Many criticisms of the conservative opposition to the Democratic health care reform effort start with some iteration of "Well, smarty-pants, where is the *Republican* plan, if you guys have a better idea?" In the case of the GOP's previous efforts to come up with some semblance of a plan, that was a perfectly valid complaint. Now, however, the conservative approach to health care reform seems to have coalesced around a few basic principles: allow "inter-state competition" between insurance plans and enact tort reform.

Now there's plenty wrong with the second plank, but this post is regarding the first. Bruce Webb at MyDD waded through the Boehner Amendment to HR3962, and discovered this interesting tidbit:

Title III introduces a ringer. Although the Title is called Expanding Choices by Allowing Americans to Buy Health Care Coverage Across State Lines what it really means is that insurers can simply pick any state they like as their 'primary state' and be governed almost entirely by its rules in selling into 'secondary states'. Okay that is really not good, think how many credit card companies are officially based in South Dakota because of its lenient laws.

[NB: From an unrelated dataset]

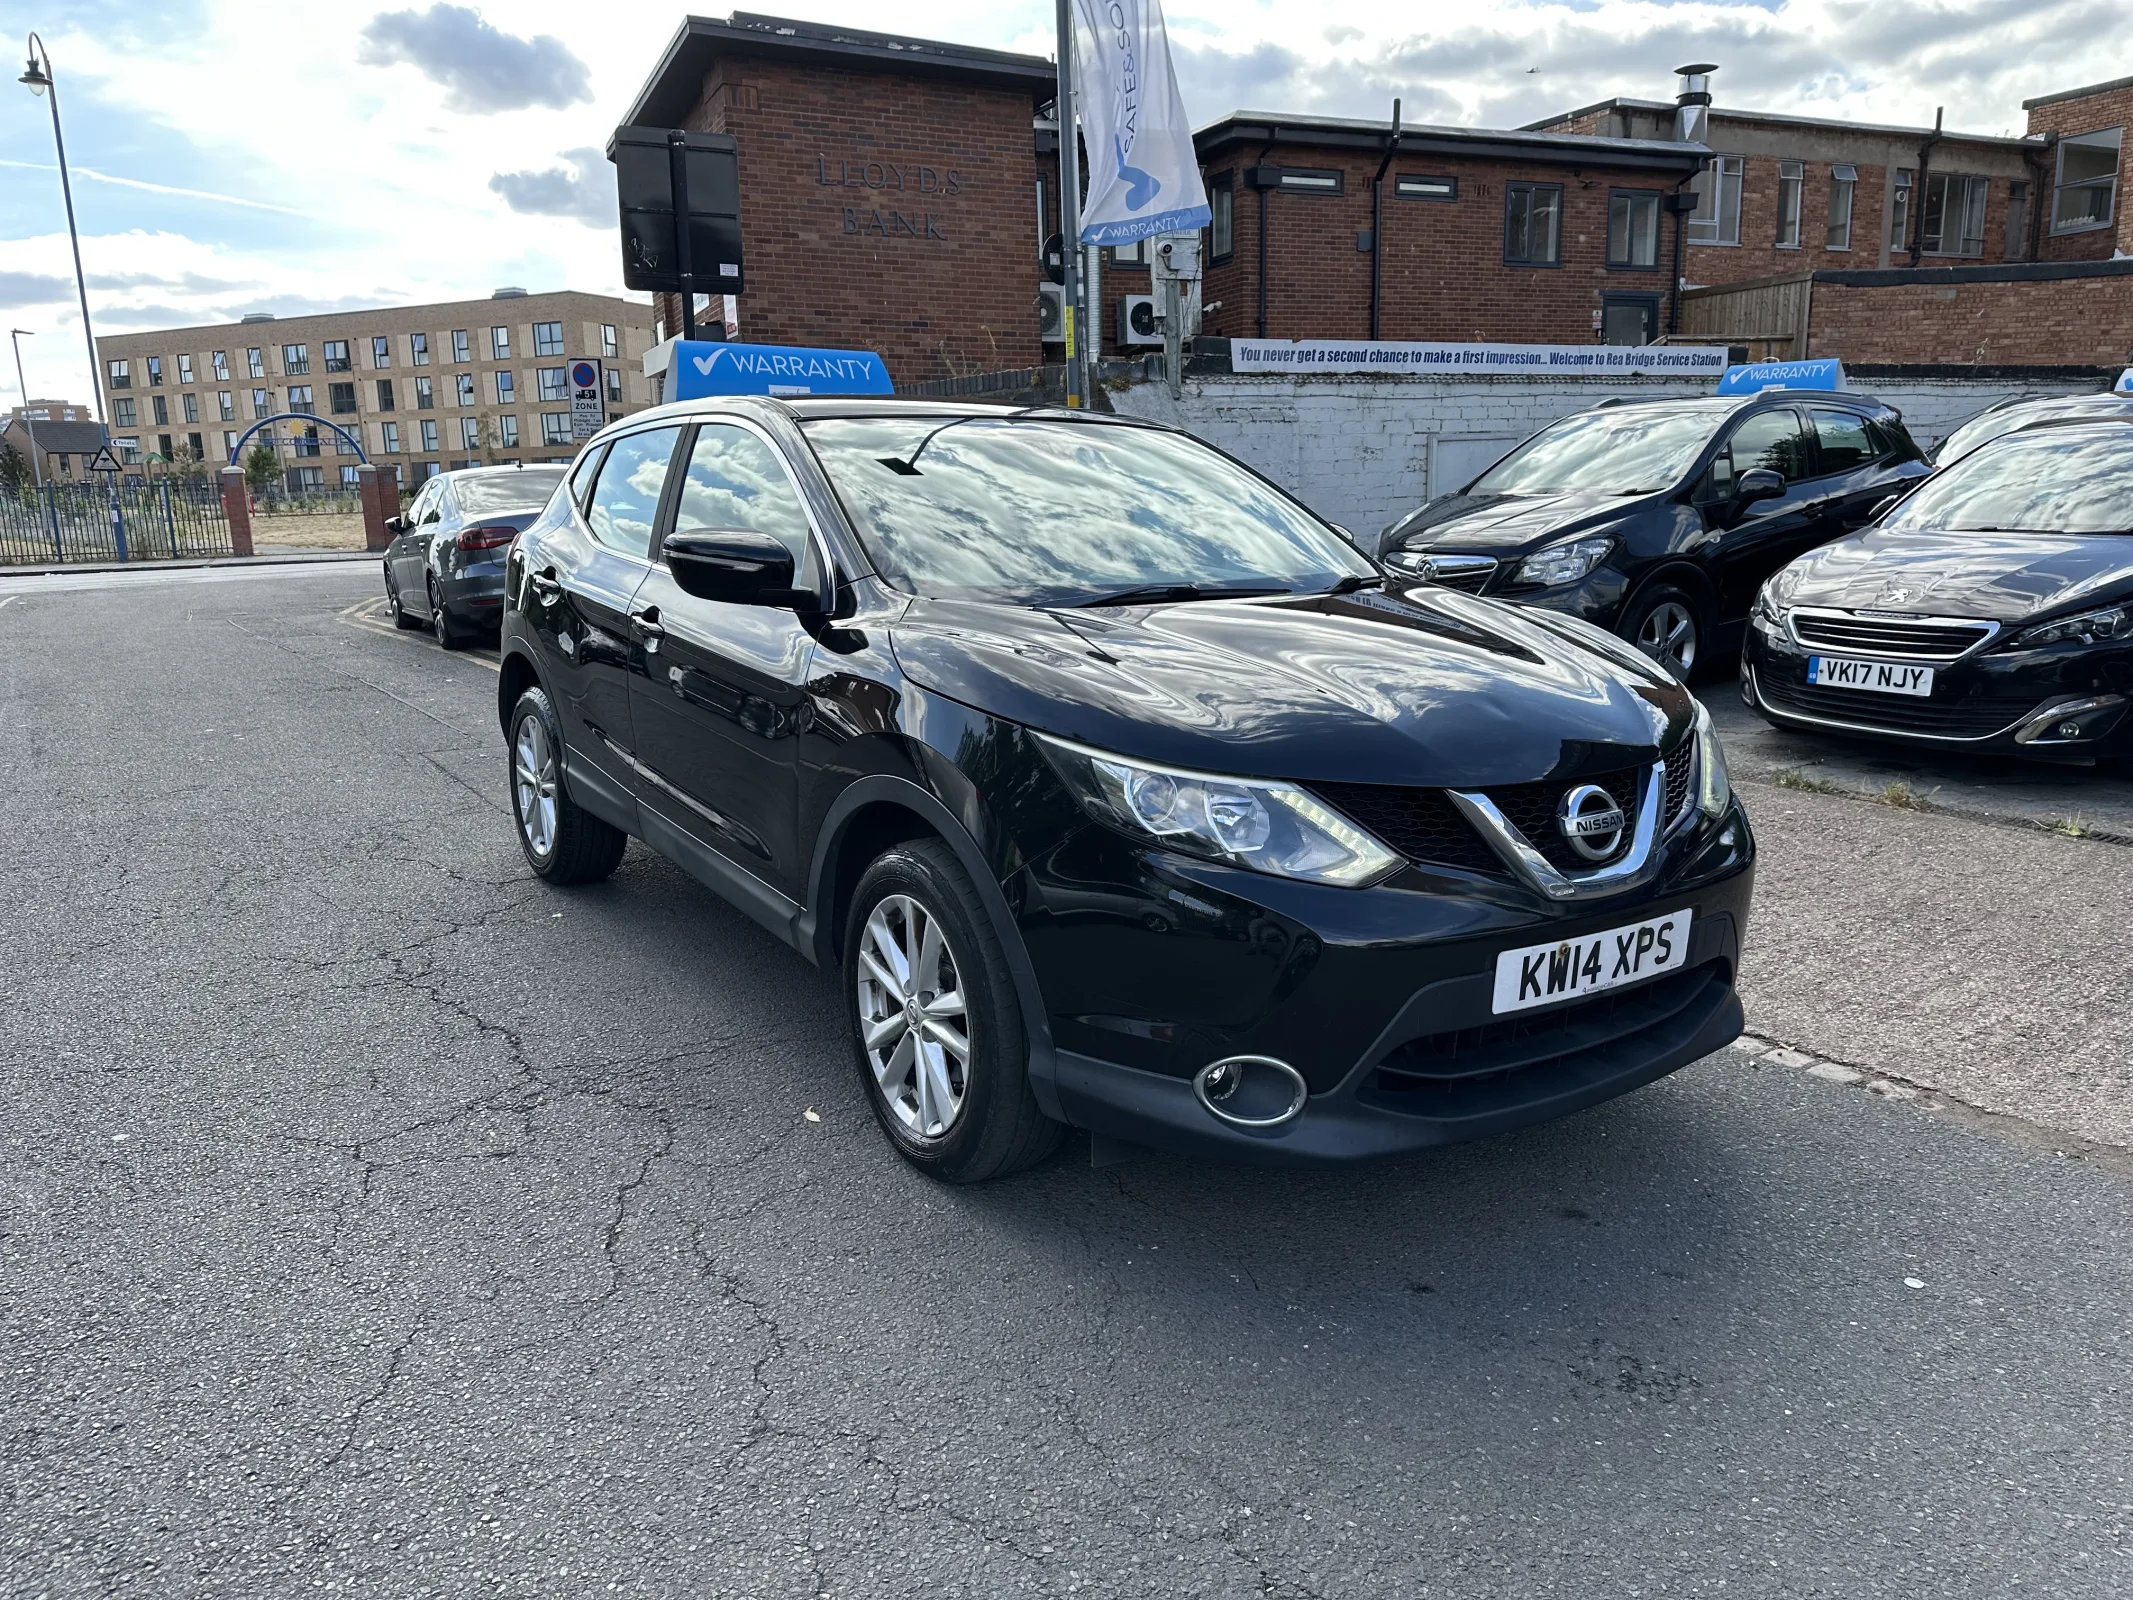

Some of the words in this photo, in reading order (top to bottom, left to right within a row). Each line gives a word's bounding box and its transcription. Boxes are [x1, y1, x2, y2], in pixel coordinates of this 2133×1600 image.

This has been my primary argument against "interstate competition" from the get-go. Webb's mention of the credit card scenario is particularly illustrative because once "interstate competition" was applied to credit cards, they did exactly what insurance companies will do if this policy is enacted - find the state willing to play the fastest and the loosest with consumer protection laws and head there ASAP. However, things get even worse from there:

Under Title III 'State' is defined as the fifty states, D.C., Puerto Rico, the Virgin Islands, Guam, American Samoa and the Northern Marianas (p.122)...Now this language is followed by a bunch more pages setting out rules about lawsuits and appeals but the bottom line is pretty clear: should private insurers choose they can officially choose the Virgin Islands or the Northern Marianas as the governing jurisdiction for all their individual insurance policies and their is basically nothing the states of California, New York or Washington can do about it.

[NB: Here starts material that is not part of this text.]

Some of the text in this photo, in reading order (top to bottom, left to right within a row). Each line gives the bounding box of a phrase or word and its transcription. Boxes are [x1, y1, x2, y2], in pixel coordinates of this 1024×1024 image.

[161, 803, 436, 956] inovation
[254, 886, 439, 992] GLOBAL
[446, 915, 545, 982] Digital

As Webb points out later, the Marianas are a particularly noxious addition to the health insurance framework, as they are basically a capitalistic Wild West where mainland U.S. labor and regulatory rules do not apply. Of course, the Republicans are no strangers to the siren song of the Marianas:

Moved by the sworn testimony of U.S. officials and human-rights advocates that the 91 percent of the workforce who were immigrants -- from China, the Philippines, Sri Lanka and Bangladesh -- were being paid barely half the U.S. minimum hourly wage and were forced to live behind barbed wire in squalid shacks minus plumbing, work 12 hours a day, often seven days a week, without any of the legal protections U.S. workers are guaranteed, Murkowski wrote a bill to extend the protection of U.S. labor and minimum-wage laws to the workers in the U.S. territory of the Northern Marianas.

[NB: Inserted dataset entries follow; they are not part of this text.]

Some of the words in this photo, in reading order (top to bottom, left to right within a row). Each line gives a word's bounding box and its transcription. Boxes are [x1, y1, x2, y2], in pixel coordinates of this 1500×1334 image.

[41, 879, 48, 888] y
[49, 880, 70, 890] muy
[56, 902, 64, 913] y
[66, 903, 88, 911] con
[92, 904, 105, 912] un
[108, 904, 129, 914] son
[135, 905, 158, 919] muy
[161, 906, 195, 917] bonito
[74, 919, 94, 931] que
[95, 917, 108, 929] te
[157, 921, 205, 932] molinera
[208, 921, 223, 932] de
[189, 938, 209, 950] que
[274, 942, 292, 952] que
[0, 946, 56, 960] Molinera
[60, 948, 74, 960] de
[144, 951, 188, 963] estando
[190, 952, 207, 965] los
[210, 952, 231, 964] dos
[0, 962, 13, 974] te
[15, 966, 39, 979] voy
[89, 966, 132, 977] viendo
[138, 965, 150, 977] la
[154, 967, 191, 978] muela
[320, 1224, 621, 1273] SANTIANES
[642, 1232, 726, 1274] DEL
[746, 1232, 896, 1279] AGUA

But one man primarily stopped the U.S. House from even considering that worker-reform bill: then-House Republican Whip Tom DeLay.

Later, DeLay would tell The Washington Post's Juliet Eilperin that the low-wage, anti-union conditions of the Marianas constituted "a perfect petri dish of capitalism. It's like my Galapagos Island."


The Northern Marianas: a right-wing wonderland of open sewers and slave labor - and soon "home" of your new health insurance plan!

* - Another reason the Marianas are infamous is that because they are American territories, the garments stitched together by workers there can display the "Made in America" label, even though they were produced in sweatshop conditions that would be illegal here on the mainland.